Review: Skiing with the POC Auric Helmet
POC, a long time brand known for ski racing has been slowly inching into the recreational market to expand its reach to skiers and snowboarders of all types. One of the things that you will notice when take a look at the ski race scene from little tykes to the pro racers is that POC is a dominant player in the ski race helmet market. When a skier is flying down the mountain at speeds of 50MPH+ and making hairpin turns, the smallest of mistakes can lead to devastating results. In this sport, a helmet is a must and you’re not going to get just any helmet. You’re going to find the best damn helmet on the market and pay whatever you need to pay to protect your most important asset, your head.
I’ve had the chance to test out the POC Auria Cut helmet accompanied by the POC Fovea Goggles over the past couple months. This combo is intended more for Freeride users, but given that I spend the majority of my time in the trees when I’m at the resort, you may have to take a little bit of my review with a grain of salt. From my testing of freeride gear, regular alpine ski gear, and backcountry focused gear, I find that freeride gear usually has a little boxier and baggier fit than traditional alpine and backcountry ski gear. My preference leans towards the alpine and backcountry fit, so as you read along, please keep this in mind.
POC Auric Helmet
The POC Auric helmet uses an multi impact EPP foam versus a single impact EPS foam. This means that you can have more than one smaller impact with the helmet and you will still be able to use it. For those that ski in the park or practice every day for racing, falls are inevitable. If you had to buy a new helmet every time you fell, it would start to get pretty expensive. If you take a big fall in the POC Auric Cut helmet, I would still recommend replacing the helmet.

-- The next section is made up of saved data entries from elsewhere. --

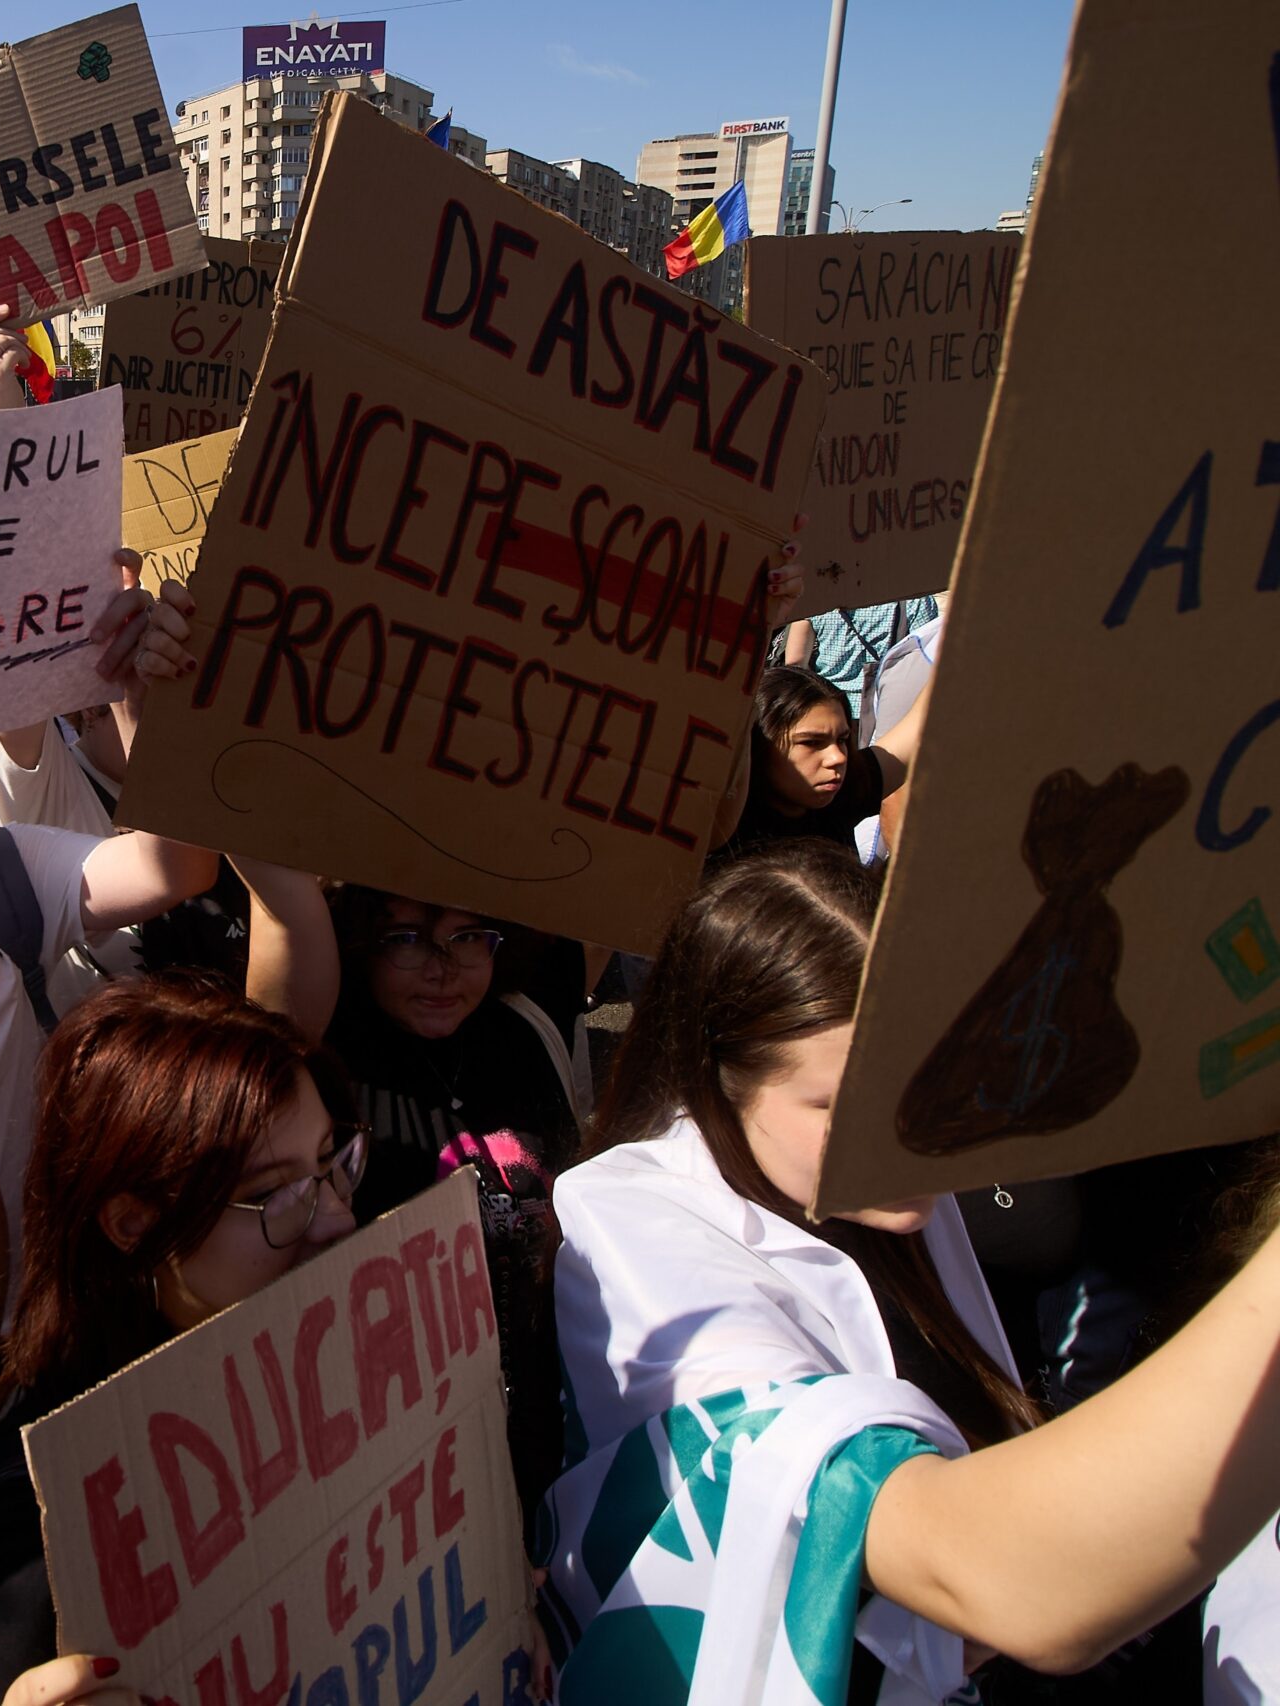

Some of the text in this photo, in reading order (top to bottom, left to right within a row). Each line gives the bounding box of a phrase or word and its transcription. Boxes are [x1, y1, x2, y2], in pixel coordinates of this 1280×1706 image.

[256, 42, 373, 66] ENAYATI
[723, 120, 786, 135] FIRSTBANK
[422, 199, 538, 358] DE
[816, 242, 972, 328] SĂRĂCIA
[105, 353, 154, 390] DAR
[883, 336, 917, 385] SA
[929, 332, 965, 383] FIE
[972, 332, 1003, 381] CR
[883, 390, 908, 425] DE
[239, 371, 560, 620] ÎNCEPE
[848, 476, 972, 544] UNIVERS
[191, 565, 733, 852] PROTESTELE
[324, 1425, 465, 1636] ESTE

I’ve taken a few smaller hits to the helmet and one medium sized hit through my testing. This is where the challenge comes in because I took one hard hit where I double ejected out of my skis and supermanned into a hardened snowbank. Through this crash, I ended up getting a minor concussion. I saw stars for a second and the hit went down through my neck and back. I’ve inspected the helmet a number of times and from what I can see, there was no compression of the foam and no visible scratches on the shell. The recommendation from POC is that if you experience a concussion, you should get a new helmet because after getting one concussion, you are usually more susceptible to getting another concussion during a crash involving your head.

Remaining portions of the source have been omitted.